Émile Salone. La Colonisation de la Nouvelle-France. Étude sur les origines de la nation canadienne française. Paris, Guilmoto, s. d. (1906). In-8o, 467 pages.


Au milieu des nombreux ouvrages sur le Canada que la librairie française met sans cesse en circulation, celui-ci se distingue par une réunion de qualités qu’on chercherait vainement dans la plupart des autres.

Tout d’abord, il remplit son titre. Jusqu’ici on n’avait guère sur le Canada que des études partielles, locales, des tranches d’histoire, des monographies ou des biographies ; ou bien alors des livres de vulgarisation, de distribution de prix, « avec de nombreuses illustrations ». Mais un travail scientifique de cette importance, comprenant dans son ensemble l’histoire de la colonisation de la Nouvelle-France, et ne comprenant que cela, un tel ouvrage, dis-je, n’existait pas. Et cependant quel plus beau sujet à proposer à un historien français ? Et aujourd’hui que nous sommes redevenus colonisateurs, quel livre plus opportun, plus instructif ?

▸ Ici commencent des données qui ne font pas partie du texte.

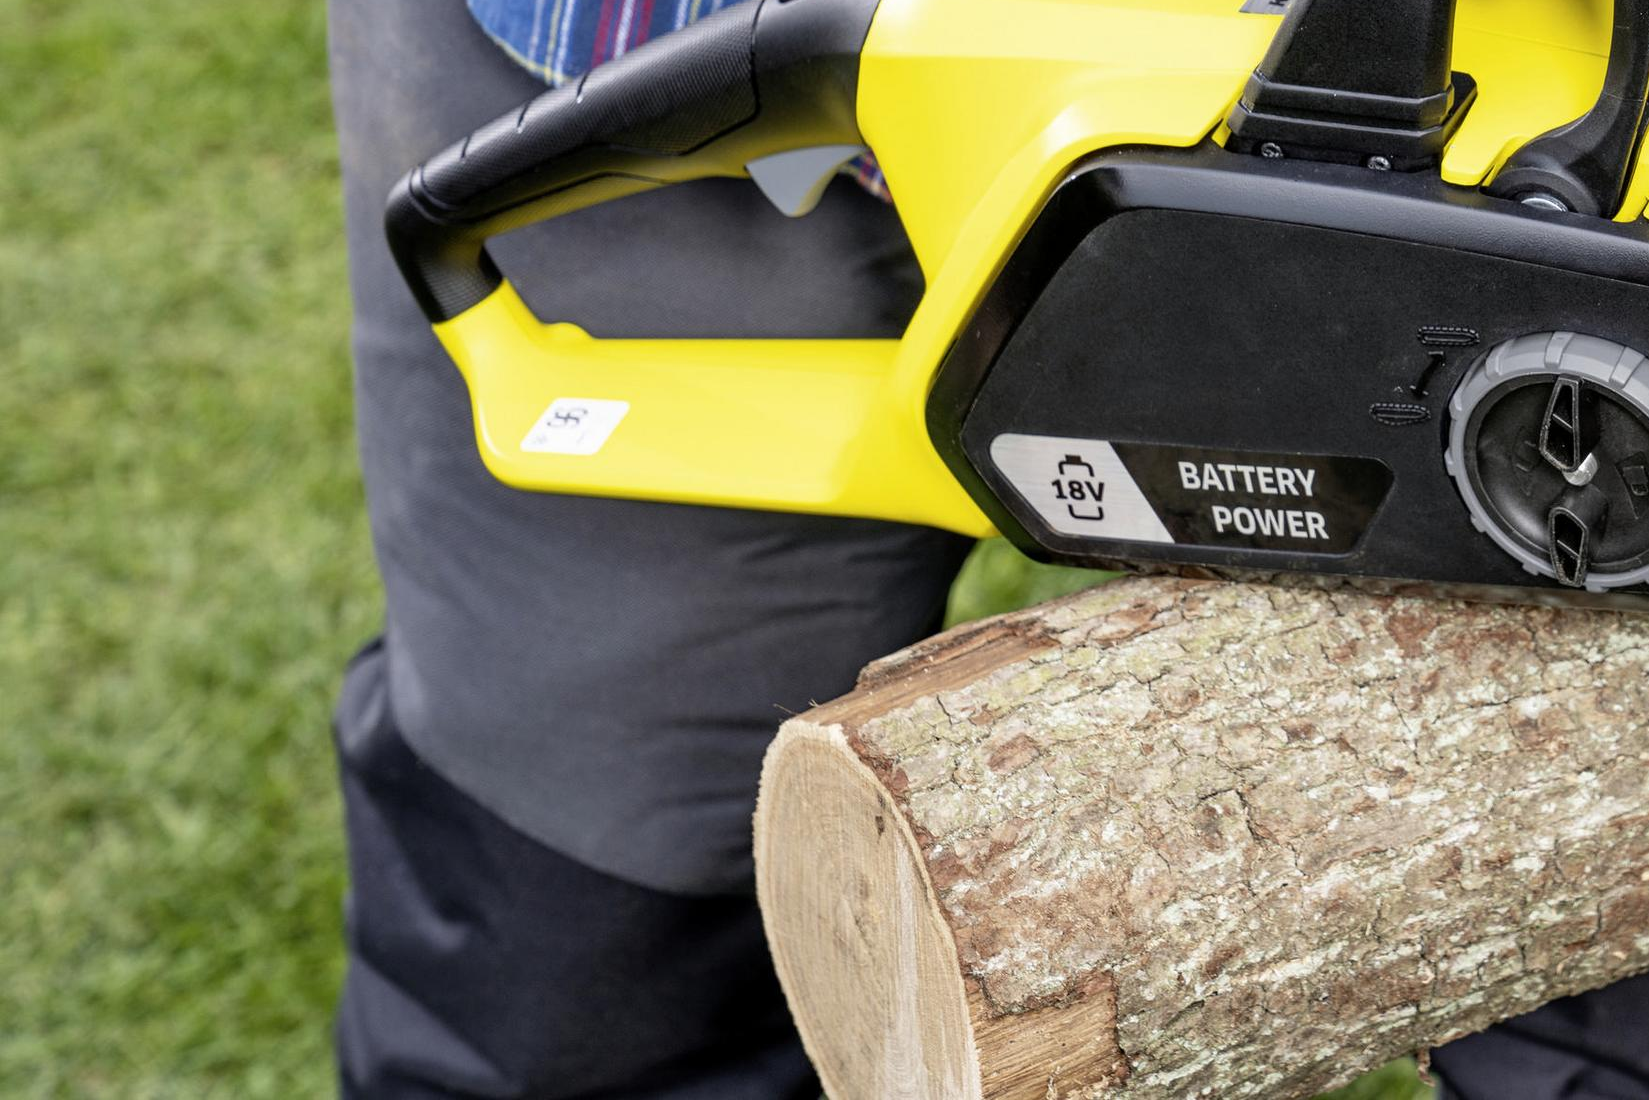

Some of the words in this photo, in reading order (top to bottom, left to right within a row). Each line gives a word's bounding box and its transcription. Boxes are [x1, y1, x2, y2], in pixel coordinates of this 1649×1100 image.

Celui-ci est écrit avec une émotion discrète, mais très sensible, celle qu’inspire à tout homme aimant son pays le regret de voir orner maintenant la couronne coloniale d’une autre nation ce magnifique fleuron qu’aurait pu et qu’aurait dû être pour la nôtre la Nouvelle-France. Cette émotion se double chez le narrateur d’une admiration respectueuse et attendrie au spectacle et au récit des efforts surhumains du peuple franco-canadien pour conquérir le droit à la vie, en dépit des mille obstacles que lui opposèrent, à la fois, l’inclémence des éléments, l’indifférence de la mère-patrie, l’hostilité des indigènes, enfin les guerres incessantes dont il fut le héros et la victime.

Écrit par un bon Français, ce livre est écrit en bon français, et l’éloge n’est pas si médiocre pour un livre d’érudition. Beaucoup d’autres thèses, — car ceci est une thèse de doctorat soutenue tout récemment devant la Faculté des lettres de l’Université de Paris, — furent peut-être tout aussi laborieusement préparées ; mais combien en est-il qui ne soient d’une lecture douloureuse à qui honore tant soit peu notre langue ?

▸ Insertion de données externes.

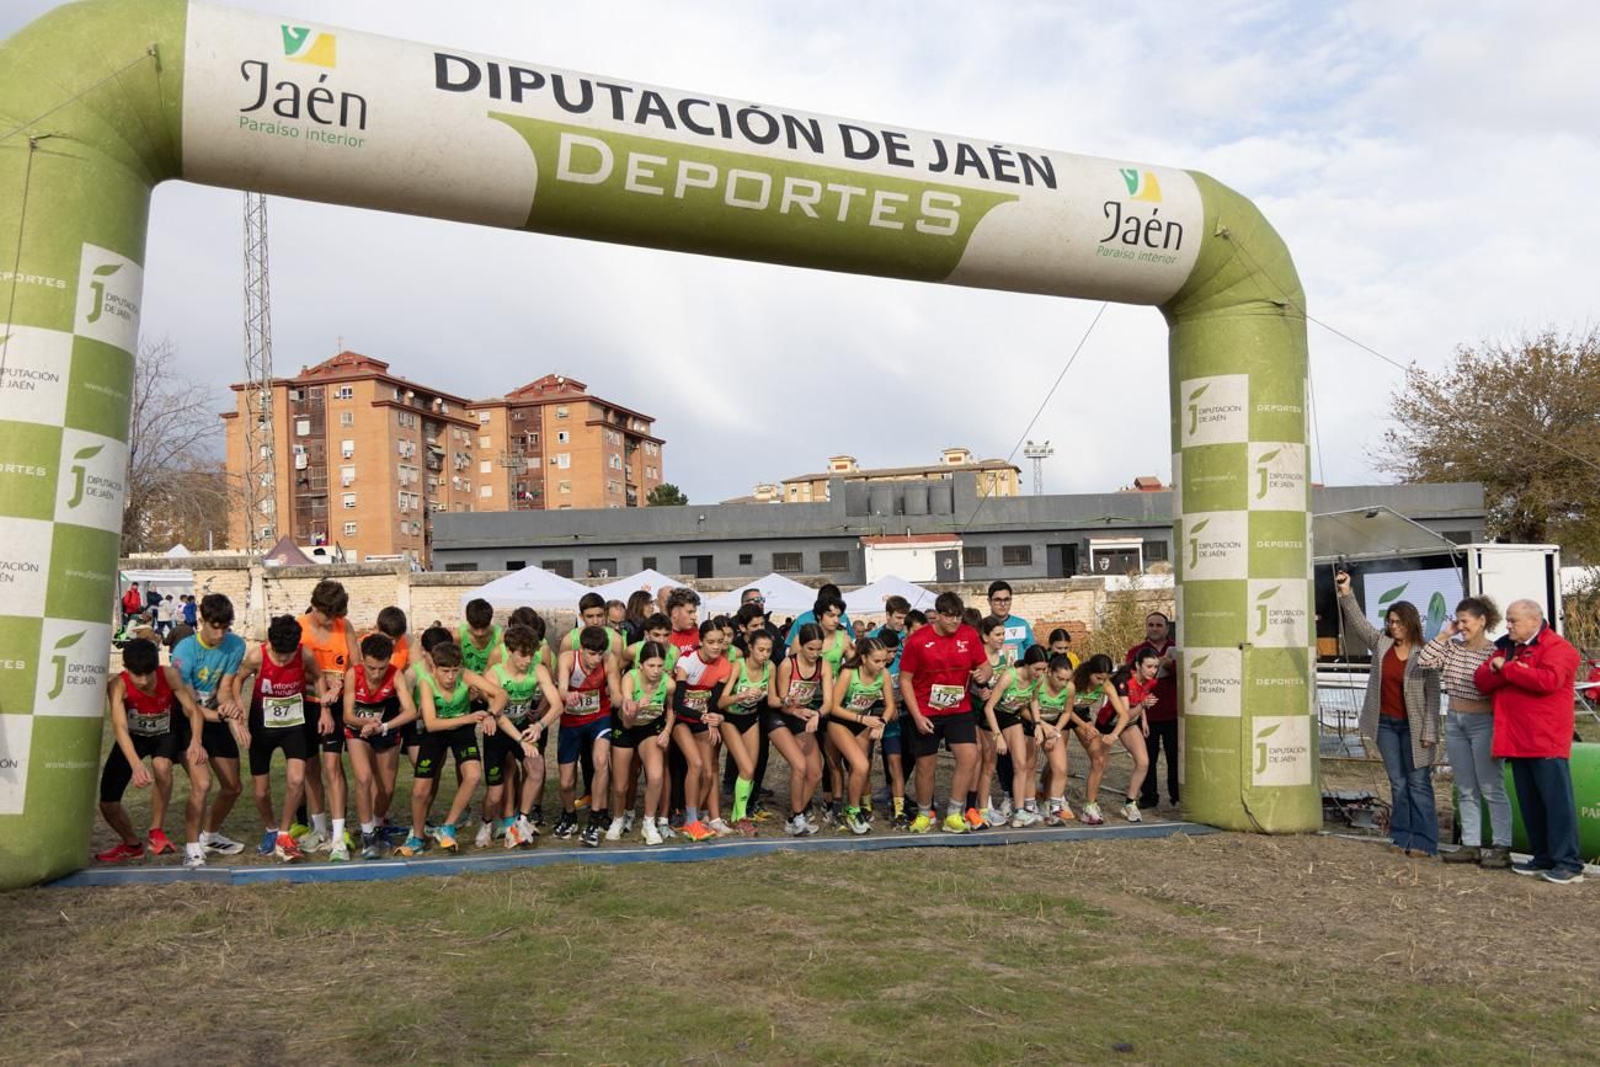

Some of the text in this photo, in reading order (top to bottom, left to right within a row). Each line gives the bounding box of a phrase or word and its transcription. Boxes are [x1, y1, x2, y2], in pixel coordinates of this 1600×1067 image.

[240, 60, 367, 130] Jaén
[434, 52, 1057, 190] DIPUTACIÓN DE JAÉN
[305, 127, 365, 149] interior
[556, 132, 962, 237] DEPORTES
[1100, 201, 1184, 251] Jaén
[7, 379, 36, 391] JAÉN
[1198, 404, 1242, 416] DIPUTACIÓN
[1257, 403, 1302, 414] DEPORTES
[1198, 414, 1227, 424] DE JAÉN
[86, 486, 98, 496] DE
[1199, 540, 1242, 550] DIPUTACIÓN
[1199, 549, 1227, 558] DE JAÉN
[66, 675, 79, 685] DE
[1199, 677, 1241, 686] DIPUTACIÓN
[1199, 685, 1226, 694] DE JAÉN
[936, 692, 958, 704] 175
[273, 705, 290, 717] 87
[137, 719, 157, 729] 94
[1269, 746, 1308, 755] DIPUTACIÓN
[1269, 755, 1278, 764] DE

Enfin, ce livre n’est pas, comme tant d’autres, une improvisation. C’est la moisson d’une vingtaine d’années de recherches et de voyages à travers les deux continents, à travers les livres, enfin et surtout à travers de nombreux dépôts d’archives du Canada et de la France, et tout particulièrement celui de notre ministère des Colonies, si longtemps inexploré, si riche cependant en matériaux de premier choix pour l’histoire de nos anciennes possessions d’outre-mer.

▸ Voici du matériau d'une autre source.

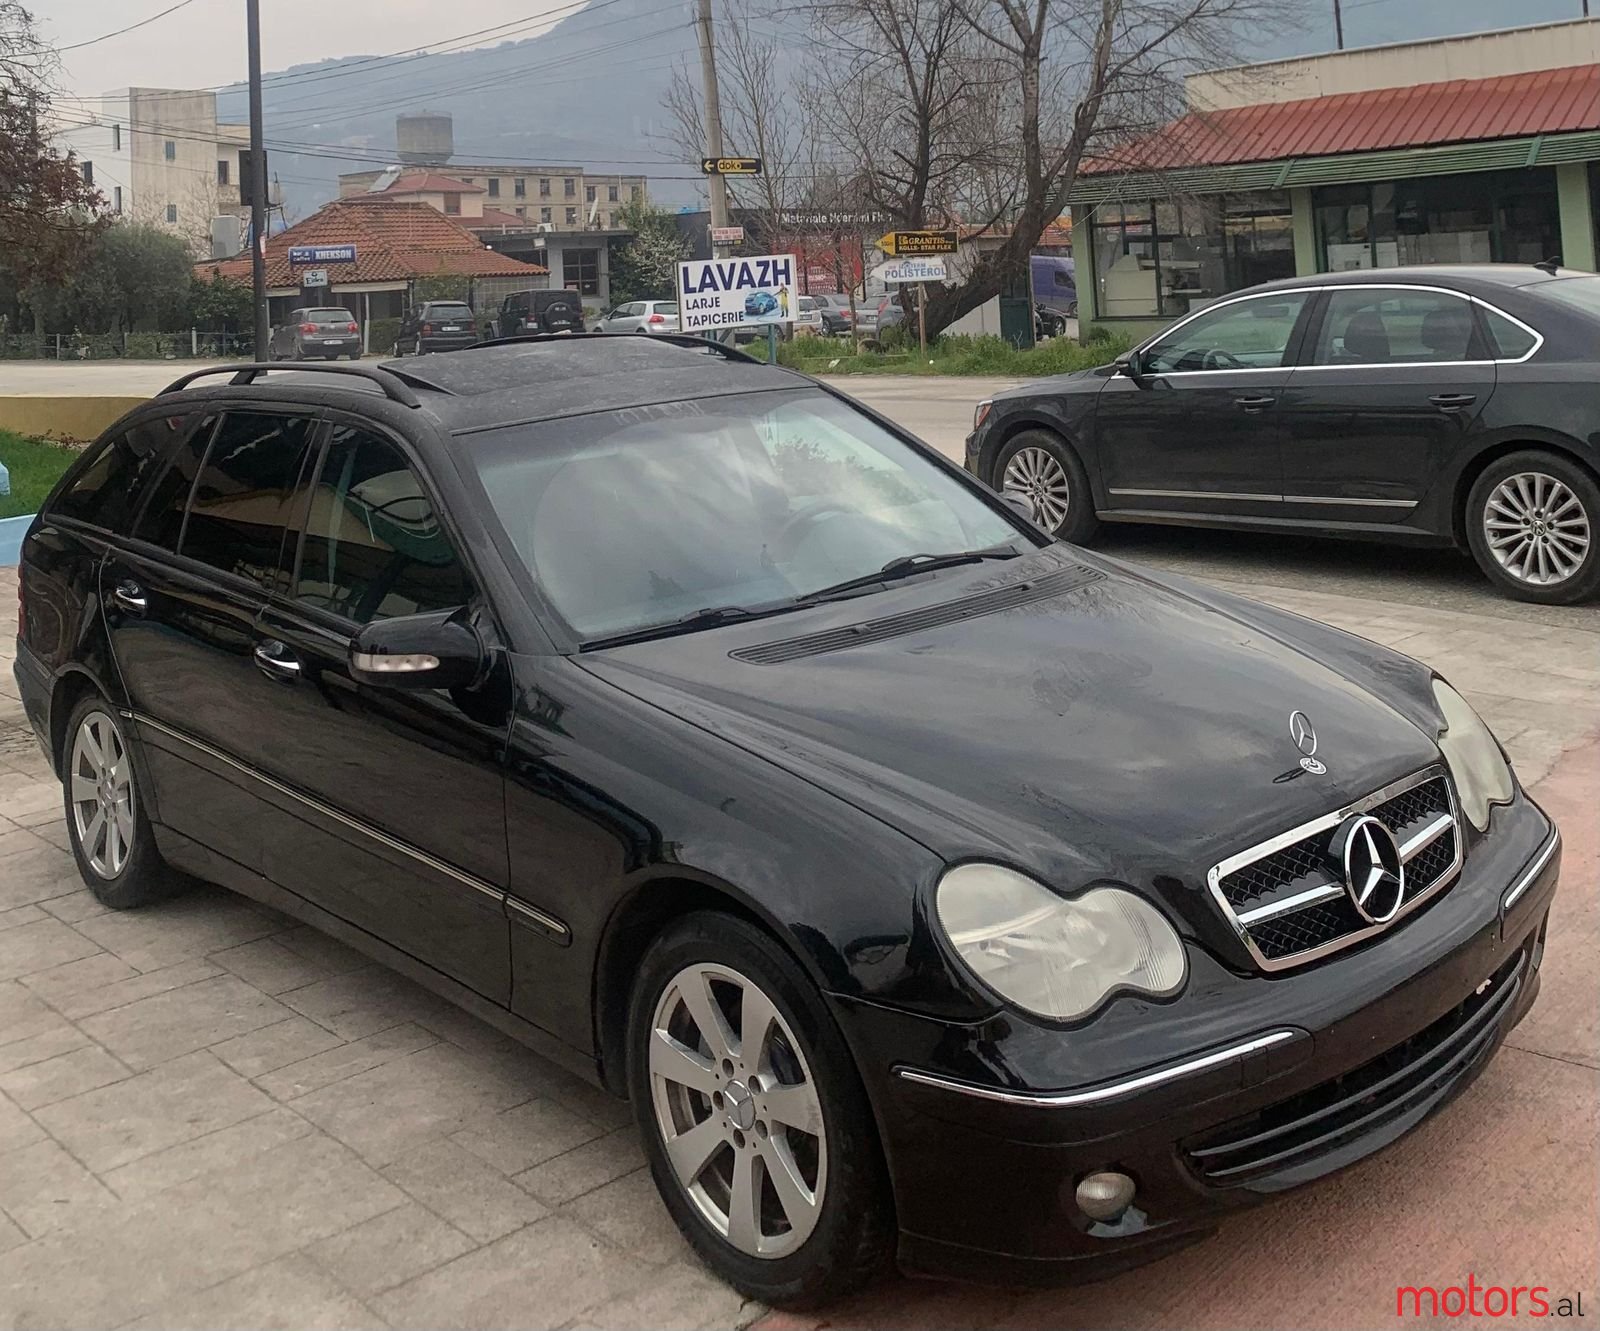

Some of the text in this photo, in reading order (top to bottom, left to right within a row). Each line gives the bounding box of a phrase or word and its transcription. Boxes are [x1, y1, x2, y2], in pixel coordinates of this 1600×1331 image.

Si l’ouvrage de M. Salone est une thèse de doctorat, ce n’est pas un livre à thèse. C’est de l’histoire pure et simple, écrite par un homme épris de son sujet, mais impartial et judicieux, qui distribue le blâme et l’éloge avec indépendance, clairvoyance et fermeté. La meilleure preuve qu’on en puisse donner, c’est qu’à la Sorbonne, si on a pu lui reprocher l’indulgence avec laquelle, dans sa thèse complémentaire, il avait traité l’abbé Raynal comme historien du Canada, il a été impossible au jury de trouver quoi que ce soit à critiquer dans sa thèse principale. L’Histoire de la colonisation de la Nouvelle-France fait donc grand honneur à son auteur, à l’érudition française et aussi, par reflet, à l’École des chartes, de laquelle M. Salone ne saurait oublier qu’il est sorti, car chacune de ses pages en porte l’empreinte ineffaçable.


Eugène Welvert.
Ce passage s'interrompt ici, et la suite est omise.